(Collected data)
···

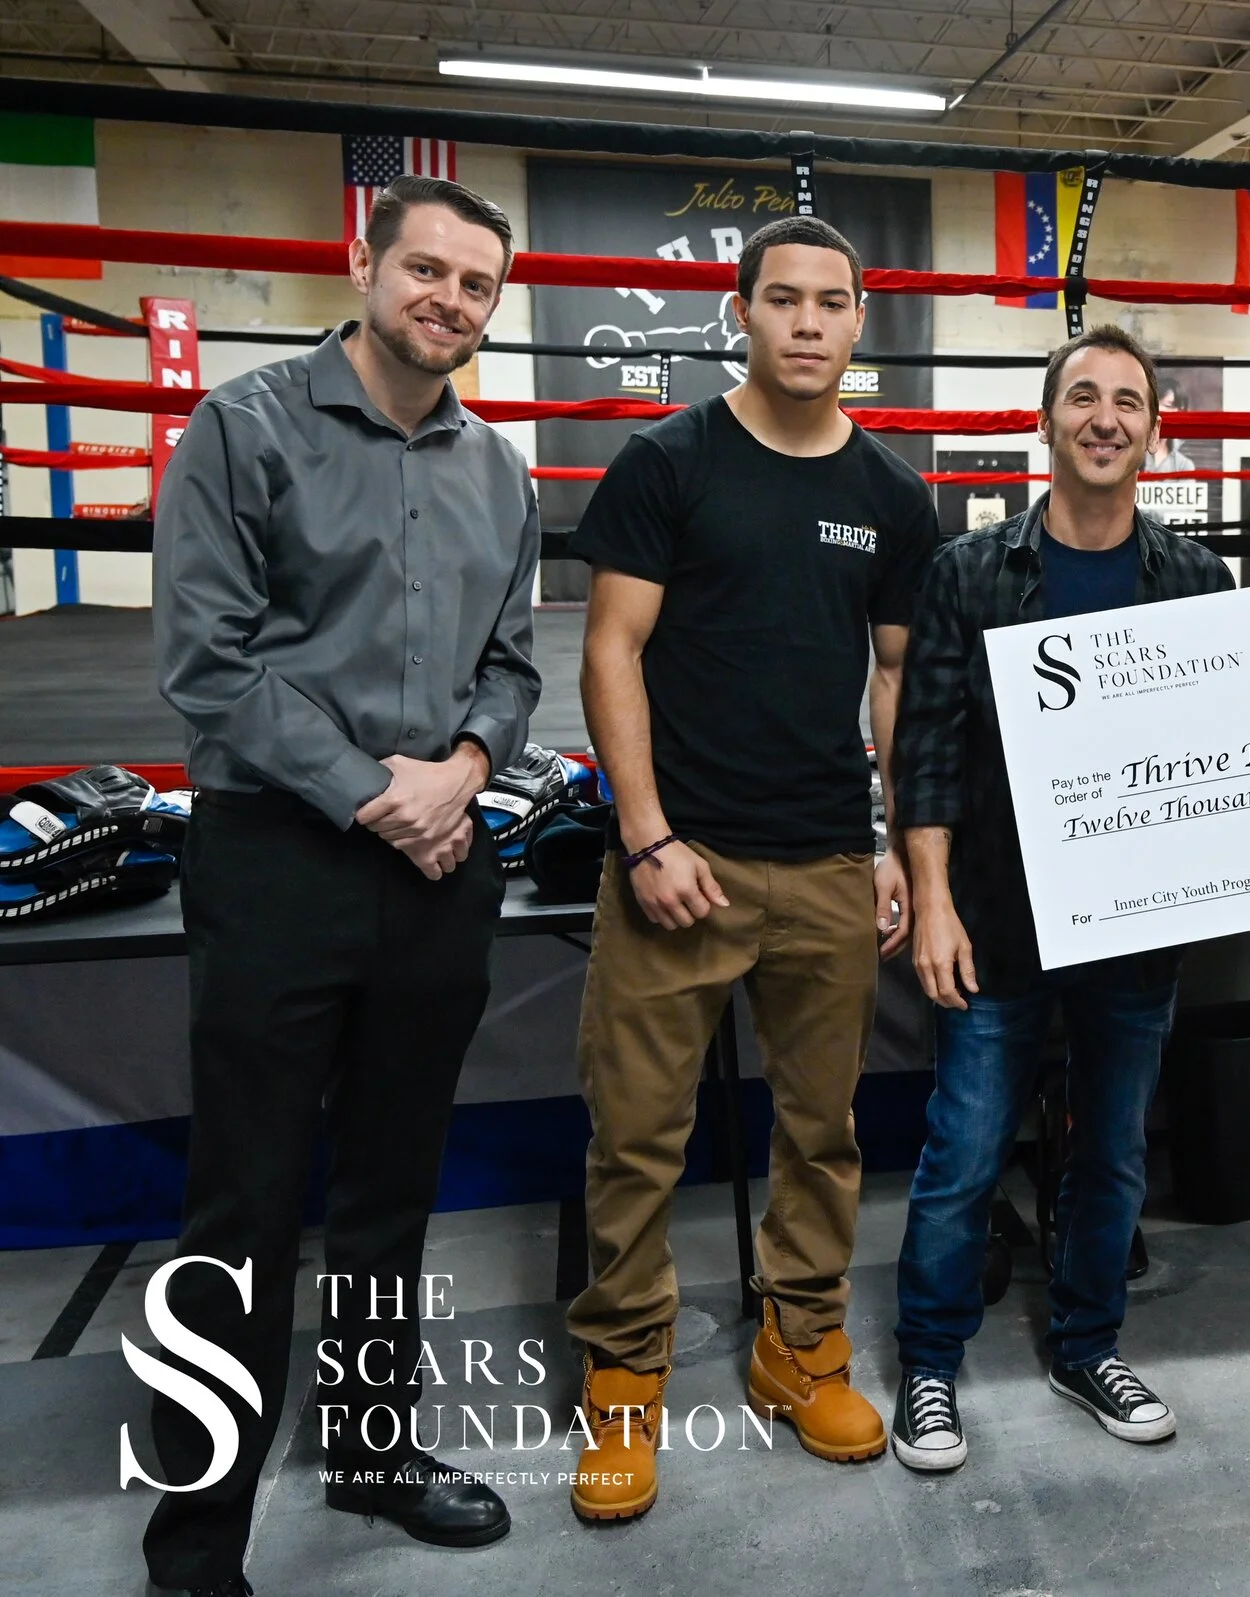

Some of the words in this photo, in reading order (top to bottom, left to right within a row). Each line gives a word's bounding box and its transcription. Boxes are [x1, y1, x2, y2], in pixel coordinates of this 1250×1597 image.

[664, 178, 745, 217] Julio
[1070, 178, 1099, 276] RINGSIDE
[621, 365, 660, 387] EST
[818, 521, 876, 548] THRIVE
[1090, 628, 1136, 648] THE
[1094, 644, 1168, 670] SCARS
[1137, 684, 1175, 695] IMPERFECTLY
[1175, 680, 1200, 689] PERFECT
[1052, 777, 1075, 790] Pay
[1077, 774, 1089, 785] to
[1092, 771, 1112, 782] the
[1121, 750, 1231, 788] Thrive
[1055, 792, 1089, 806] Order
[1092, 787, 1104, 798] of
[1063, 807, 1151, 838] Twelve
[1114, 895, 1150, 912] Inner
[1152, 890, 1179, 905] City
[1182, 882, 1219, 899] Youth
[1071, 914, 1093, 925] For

···

▸ WHAT THE TASK REQUIRES: Please reproduce each entry above word for word and keep the pictures out of the copy.

▸ RESULT FOR THIS TASK:
Some of the words in this photo, in reading order (top to bottom, left to right within a row). Each line gives a word's bounding box and its transcription. Boxes are [x1, y1, x2, y2], in pixel coordinates of this 1250×1597 image.

[664, 178, 745, 217] Julio
[1070, 178, 1099, 276] RINGSIDE
[621, 365, 660, 387] EST
[818, 521, 876, 548] THRIVE
[1090, 628, 1136, 648] THE
[1094, 644, 1168, 670] SCARS
[1137, 684, 1175, 695] IMPERFECTLY
[1175, 680, 1200, 689] PERFECT
[1052, 777, 1075, 790] Pay
[1077, 774, 1089, 785] to
[1092, 771, 1112, 782] the
[1121, 750, 1231, 788] Thrive
[1055, 792, 1089, 806] Order
[1092, 787, 1104, 798] of
[1063, 807, 1151, 838] Twelve
[1114, 895, 1150, 912] Inner
[1152, 890, 1179, 905] City
[1182, 882, 1219, 899] Youth
[1071, 914, 1093, 925] For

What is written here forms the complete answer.